**What is needed:**
The records are given next. Repeat each one exactly.

**Data:**
___

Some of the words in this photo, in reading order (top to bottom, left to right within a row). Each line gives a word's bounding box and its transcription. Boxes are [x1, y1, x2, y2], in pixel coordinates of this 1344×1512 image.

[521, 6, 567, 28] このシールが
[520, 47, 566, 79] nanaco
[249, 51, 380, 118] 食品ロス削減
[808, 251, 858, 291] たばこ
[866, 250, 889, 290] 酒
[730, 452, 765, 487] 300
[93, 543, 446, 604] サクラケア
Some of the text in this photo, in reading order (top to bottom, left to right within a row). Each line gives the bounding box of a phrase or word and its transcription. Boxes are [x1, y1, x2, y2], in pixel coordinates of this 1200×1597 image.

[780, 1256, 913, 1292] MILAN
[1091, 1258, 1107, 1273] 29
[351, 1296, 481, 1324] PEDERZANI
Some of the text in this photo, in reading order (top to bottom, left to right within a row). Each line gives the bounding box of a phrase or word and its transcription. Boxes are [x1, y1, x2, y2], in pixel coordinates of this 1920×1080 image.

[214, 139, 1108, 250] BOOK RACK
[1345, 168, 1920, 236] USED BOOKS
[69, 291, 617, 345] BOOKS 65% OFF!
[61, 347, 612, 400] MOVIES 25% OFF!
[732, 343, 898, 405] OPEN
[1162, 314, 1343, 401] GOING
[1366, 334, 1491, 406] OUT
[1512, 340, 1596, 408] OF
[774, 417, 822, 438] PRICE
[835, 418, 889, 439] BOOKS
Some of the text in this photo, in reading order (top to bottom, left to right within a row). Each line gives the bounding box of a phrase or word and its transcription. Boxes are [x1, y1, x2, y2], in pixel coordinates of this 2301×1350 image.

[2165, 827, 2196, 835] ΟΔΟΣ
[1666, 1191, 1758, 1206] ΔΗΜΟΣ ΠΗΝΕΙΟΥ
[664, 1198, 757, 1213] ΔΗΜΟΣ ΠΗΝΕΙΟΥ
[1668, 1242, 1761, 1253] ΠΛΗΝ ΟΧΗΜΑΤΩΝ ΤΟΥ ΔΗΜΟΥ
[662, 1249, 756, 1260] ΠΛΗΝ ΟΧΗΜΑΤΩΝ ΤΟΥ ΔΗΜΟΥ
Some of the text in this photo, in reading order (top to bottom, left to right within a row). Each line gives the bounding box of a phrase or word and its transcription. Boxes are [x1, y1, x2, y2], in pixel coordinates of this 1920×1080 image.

___

**Solution for this exercise:**
Some of the words in this photo, in reading order (top to bottom, left to right within a row). Each line gives a word's bounding box and its transcription. Boxes are [x1, y1, x2, y2], in pixel coordinates of this 1344×1512 image.

[521, 6, 567, 28] このシールが
[520, 47, 566, 79] nanaco
[249, 51, 380, 118] 食品ロス削減
[808, 251, 858, 291] たばこ
[866, 250, 889, 290] 酒
[730, 452, 765, 487] 300
[93, 543, 446, 604] サクラケア
Some of the text in this photo, in reading order (top to bottom, left to right within a row). Each line gives the bounding box of a phrase or word and its transcription. Boxes are [x1, y1, x2, y2], in pixel coordinates of this 1200×1597 image.

[780, 1256, 913, 1292] MILAN
[1091, 1258, 1107, 1273] 29
[351, 1296, 481, 1324] PEDERZANI
Some of the text in this photo, in reading order (top to bottom, left to right within a row). Each line gives the bounding box of a phrase or word and its transcription. Boxes are [x1, y1, x2, y2], in pixel coordinates of this 1920×1080 image.

[214, 139, 1108, 250] BOOK RACK
[1345, 168, 1920, 236] USED BOOKS
[69, 291, 617, 345] BOOKS 65% OFF!
[61, 347, 612, 400] MOVIES 25% OFF!
[732, 343, 898, 405] OPEN
[1162, 314, 1343, 401] GOING
[1366, 334, 1491, 406] OUT
[1512, 340, 1596, 408] OF
[774, 417, 822, 438] PRICE
[835, 418, 889, 439] BOOKS
Some of the text in this photo, in reading order (top to bottom, left to right within a row). Each line gives the bounding box of a phrase or word and its transcription. Boxes are [x1, y1, x2, y2], in pixel coordinates of this 2301×1350 image.

[2165, 827, 2196, 835] ΟΔΟΣ
[1666, 1191, 1758, 1206] ΔΗΜΟΣ ΠΗΝΕΙΟΥ
[664, 1198, 757, 1213] ΔΗΜΟΣ ΠΗΝΕΙΟΥ
[1668, 1242, 1761, 1253] ΠΛΗΝ ΟΧΗΜΑΤΩΝ ΤΟΥ ΔΗΜΟΥ
[662, 1249, 756, 1260] ΠΛΗΝ ΟΧΗΜΑΤΩΝ ΤΟΥ ΔΗΜΟΥ
Some of the text in this photo, in reading order (top to bottom, left to right within a row). Each line gives the bounding box of a phrase or word and its transcription. Boxes are [x1, y1, x2, y2], in pixel coordinates of this 1920×1080 image.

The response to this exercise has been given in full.